**Directions**
What is needed is an exact copy of the lines from the one containing "this 1923×1280 image." through the final line of the material below.

**Information given**
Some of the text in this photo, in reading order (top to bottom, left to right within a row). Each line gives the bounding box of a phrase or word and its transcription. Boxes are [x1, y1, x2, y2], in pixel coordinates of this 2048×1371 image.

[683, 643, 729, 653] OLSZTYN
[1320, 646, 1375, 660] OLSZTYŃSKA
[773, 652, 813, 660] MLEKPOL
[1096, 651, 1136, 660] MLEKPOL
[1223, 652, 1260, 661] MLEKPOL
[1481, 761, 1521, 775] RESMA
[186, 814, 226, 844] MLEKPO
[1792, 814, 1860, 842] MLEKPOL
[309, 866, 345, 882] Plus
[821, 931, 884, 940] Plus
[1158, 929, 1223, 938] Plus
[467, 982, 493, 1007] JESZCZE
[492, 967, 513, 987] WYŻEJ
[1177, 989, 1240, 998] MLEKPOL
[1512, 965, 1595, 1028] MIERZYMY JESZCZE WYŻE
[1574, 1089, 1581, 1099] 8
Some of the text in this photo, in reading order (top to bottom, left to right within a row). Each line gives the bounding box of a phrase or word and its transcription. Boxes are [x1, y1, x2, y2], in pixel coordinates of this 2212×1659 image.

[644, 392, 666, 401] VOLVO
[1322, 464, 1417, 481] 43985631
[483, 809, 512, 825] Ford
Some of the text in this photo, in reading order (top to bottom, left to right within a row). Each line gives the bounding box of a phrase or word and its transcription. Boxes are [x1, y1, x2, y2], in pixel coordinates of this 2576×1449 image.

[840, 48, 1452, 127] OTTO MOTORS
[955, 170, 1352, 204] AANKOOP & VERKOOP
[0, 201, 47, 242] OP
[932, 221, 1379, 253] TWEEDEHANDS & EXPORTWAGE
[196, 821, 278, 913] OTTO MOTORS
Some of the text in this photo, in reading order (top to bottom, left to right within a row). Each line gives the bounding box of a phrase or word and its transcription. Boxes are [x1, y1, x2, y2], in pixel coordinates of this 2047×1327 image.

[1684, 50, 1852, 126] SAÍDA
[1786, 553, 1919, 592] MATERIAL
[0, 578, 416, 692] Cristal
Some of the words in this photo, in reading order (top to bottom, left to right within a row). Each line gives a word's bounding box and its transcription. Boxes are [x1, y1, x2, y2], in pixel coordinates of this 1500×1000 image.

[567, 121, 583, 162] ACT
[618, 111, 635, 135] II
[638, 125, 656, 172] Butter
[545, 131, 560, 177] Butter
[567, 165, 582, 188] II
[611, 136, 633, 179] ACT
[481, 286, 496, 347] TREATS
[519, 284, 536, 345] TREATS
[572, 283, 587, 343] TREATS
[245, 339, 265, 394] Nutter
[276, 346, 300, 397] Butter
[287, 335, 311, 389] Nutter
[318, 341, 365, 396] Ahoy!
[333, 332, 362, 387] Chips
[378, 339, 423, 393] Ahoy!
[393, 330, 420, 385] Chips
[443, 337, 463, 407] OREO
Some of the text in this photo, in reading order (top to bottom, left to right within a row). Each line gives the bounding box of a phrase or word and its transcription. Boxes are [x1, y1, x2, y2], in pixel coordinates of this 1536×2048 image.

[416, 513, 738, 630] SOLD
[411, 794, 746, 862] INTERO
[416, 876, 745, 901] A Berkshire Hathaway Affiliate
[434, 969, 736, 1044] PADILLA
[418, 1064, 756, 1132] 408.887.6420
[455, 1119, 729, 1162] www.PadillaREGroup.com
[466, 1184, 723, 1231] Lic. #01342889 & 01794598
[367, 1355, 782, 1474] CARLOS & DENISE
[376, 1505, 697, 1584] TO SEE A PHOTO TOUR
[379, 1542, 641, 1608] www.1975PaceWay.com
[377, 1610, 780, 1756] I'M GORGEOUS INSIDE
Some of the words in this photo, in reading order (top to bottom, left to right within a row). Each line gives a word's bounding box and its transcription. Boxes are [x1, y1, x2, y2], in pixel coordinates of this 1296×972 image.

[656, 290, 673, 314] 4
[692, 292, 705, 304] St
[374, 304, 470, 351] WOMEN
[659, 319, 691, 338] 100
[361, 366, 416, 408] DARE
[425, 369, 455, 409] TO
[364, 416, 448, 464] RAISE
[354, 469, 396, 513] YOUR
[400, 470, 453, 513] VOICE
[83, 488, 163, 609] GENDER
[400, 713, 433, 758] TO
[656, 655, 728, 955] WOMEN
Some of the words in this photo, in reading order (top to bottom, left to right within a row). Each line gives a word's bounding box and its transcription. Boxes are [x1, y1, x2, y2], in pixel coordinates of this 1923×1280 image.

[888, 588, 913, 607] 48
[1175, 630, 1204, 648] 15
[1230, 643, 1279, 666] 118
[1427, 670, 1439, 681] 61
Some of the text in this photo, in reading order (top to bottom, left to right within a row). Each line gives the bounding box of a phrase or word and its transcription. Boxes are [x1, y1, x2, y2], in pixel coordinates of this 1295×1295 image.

**Response box**
Some of the words in this photo, in reading order (top to bottom, left to right within a row). Each line gives a word's bounding box and its transcription. Boxes are [x1, y1, x2, y2], in pixel coordinates of this 1923×1280 image.

[888, 588, 913, 607] 48
[1175, 630, 1204, 648] 15
[1230, 643, 1279, 666] 118
[1427, 670, 1439, 681] 61
Some of the text in this photo, in reading order (top to bottom, left to right within a row). Each line gives the bounding box of a phrase or word and its transcription. Boxes are [x1, y1, x2, y2], in pixel coordinates of this 1295×1295 image.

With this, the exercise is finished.